High school students' motivation to attend college varies significantly. Some students may want to attend college because they place high value for it so that they will do it volitionally. Others don't want to attend but their parents will affect their decisions to go to college. In SDT, context surrounding an individual have great impact on their decisions. In the case of adolescents, parents are the closest persons to them. If their basic psychological needs are supported by parents, they will be more autonomous in their decisions. To investigate effects of perceived need support from parents on their adolescents' autonomous self-regulation for academics, and the adolescents' well-being, Niemiec et al., (2006) conducted study on high school students to explore this relationship. This study demonstrated that parents have an impact on predicting adolescents' wellbeing, mothers being more influential (Perceived need support). Further, results showed that the higher the autonomous self-regulation for attending college reported by those high school students, higher well- being (vitality, life satisfaction) and lower ill-being (depression, externalizing problems). Another study conducted to examine the effects of students self-regulation and perceived teachers' autonomy support on their adjustment and performance among college students (Black & Deci, 2000). Finding showed that the higher the reported self-regulation for learning organic chemistry, the higher the students perceived themselves as competent and course materials as interesting and enjoyable, as well as lower anxiety they experience. Also, same interesting outcomes were experienced when they perceived their teachers as autonomy supportive.

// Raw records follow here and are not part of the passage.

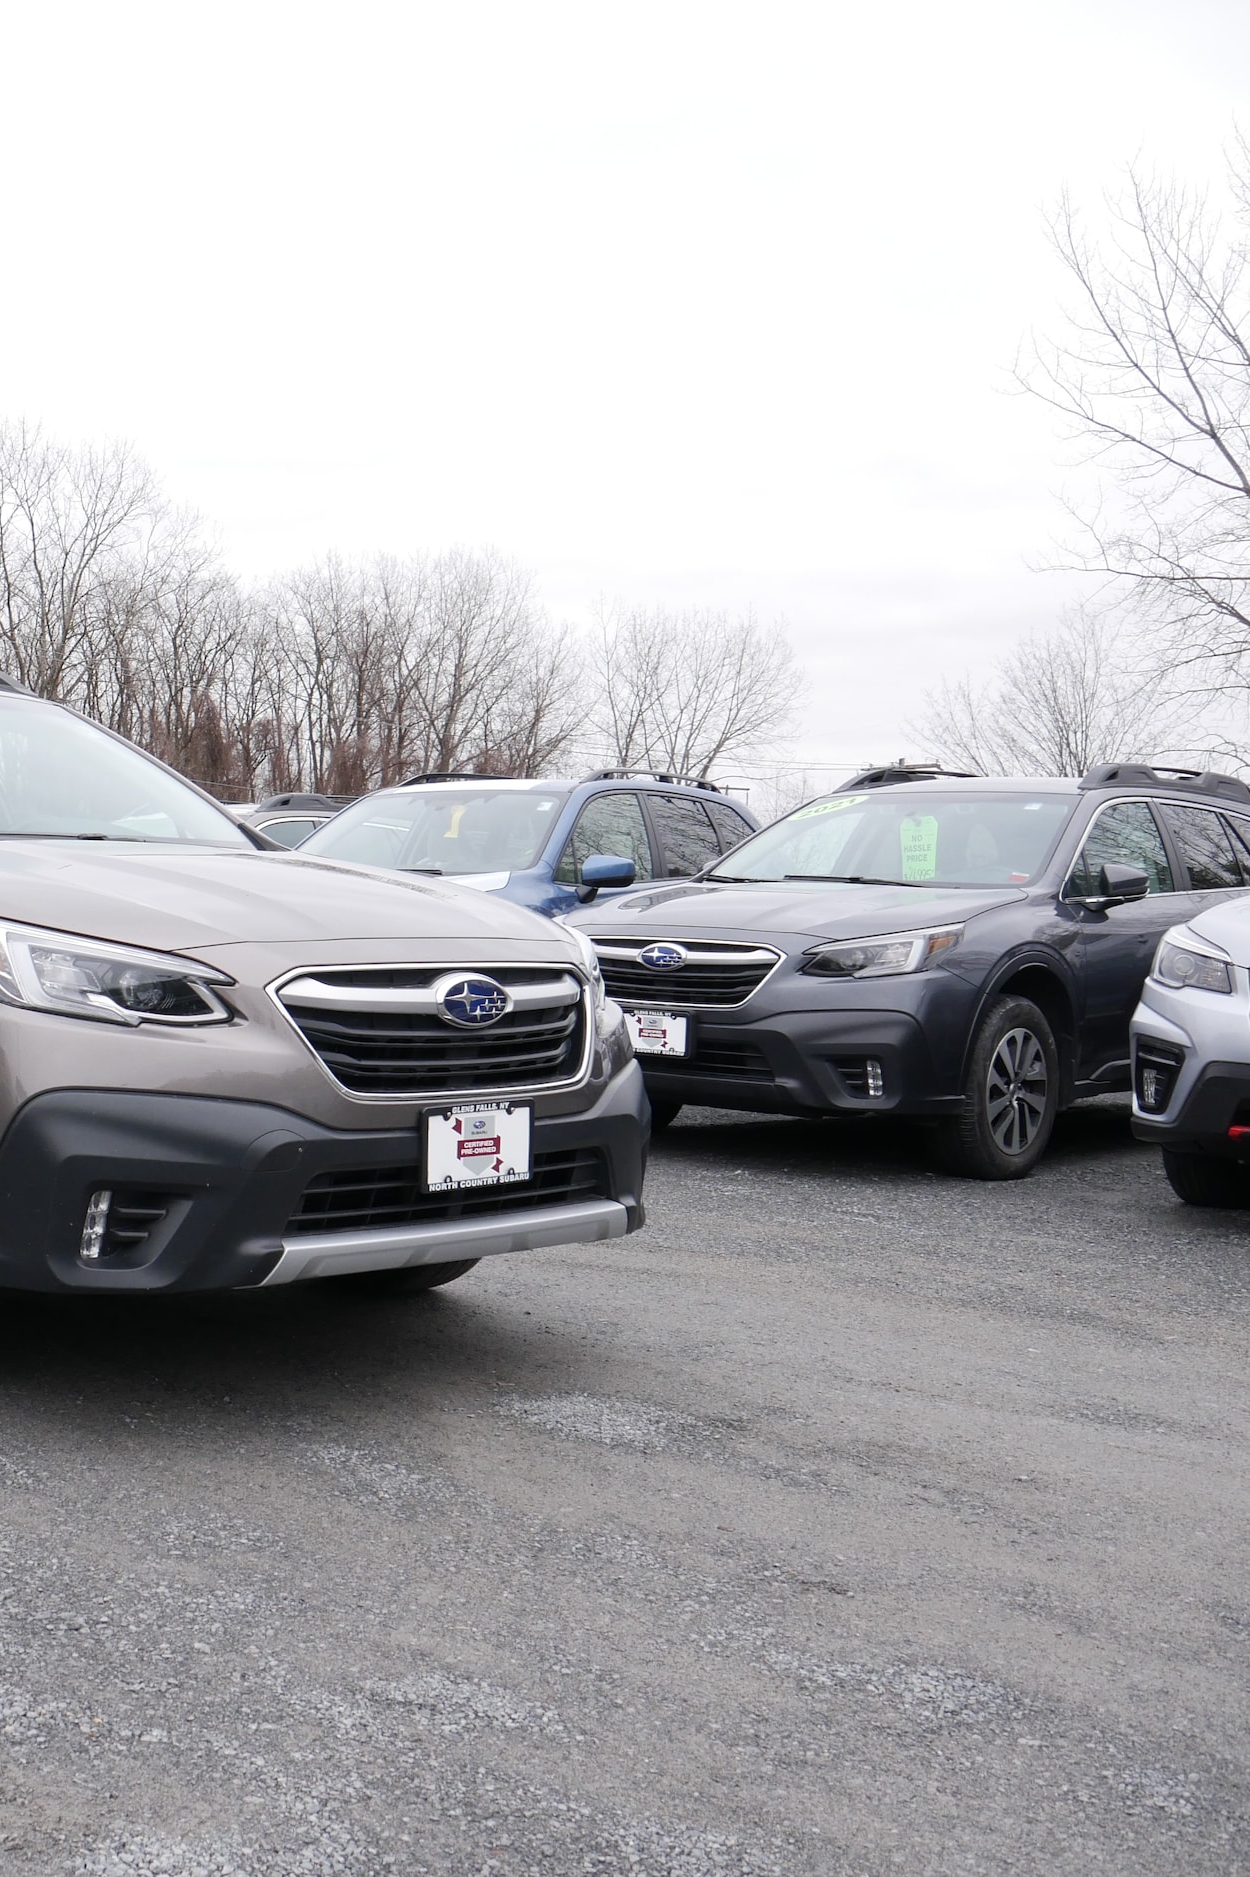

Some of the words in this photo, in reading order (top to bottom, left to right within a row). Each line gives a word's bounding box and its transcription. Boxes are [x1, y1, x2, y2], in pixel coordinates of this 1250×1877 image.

[797, 797, 857, 819] 2021
[911, 834, 923, 842] NO
[903, 844, 932, 852] HASSLE
[906, 854, 928, 863] PRICE
[452, 1105, 475, 1114] GLENS
[499, 1102, 510, 1110] NY
[463, 1140, 494, 1149] CERTIFIED
[461, 1147, 496, 1155] PRE-OWNED
[428, 1180, 458, 1192] NORTH
[460, 1178, 498, 1188] COUNTRY
[499, 1173, 530, 1184] SUBARU

In their review of SDT application to education, Niemiec & Ryan, (2009) concluded that intrinsic motivation and autonomous types of extrinsic motivation are essential to students' engagement and optimal learning in educational contexts. They also, reported that students' autonomous self-regulation for learning, academic performance, and wellbeing are facilitated be the perceptions of their teachers' support of their basic psychological needs for autonomy, competence, and relatedness. Students' academic performance was also found to be influenced by their perceived autonomy and competence (Fortier, Vallerand, & Guay, 1995)
Just recently, an interesting study was conducted to examine SDT theory in educational workplace (Klassen, Perry, & Frenzel, 2012). This time, the concern was on teachers' relatedness with their principle, colleagues and students and its impact on their engagement and well-being. The study revealed that the more the teachers perceived autonomy support from principle, the higher the relatedness with colleagues and students they display. Their relatedness with students showed higher work engagement and lower lower anxiety, anger and emotional exhaustion. Also, Autonomy support enhanced teachers' psychological needs which in turn are associated with higher level of engagement and teaching enjoyment.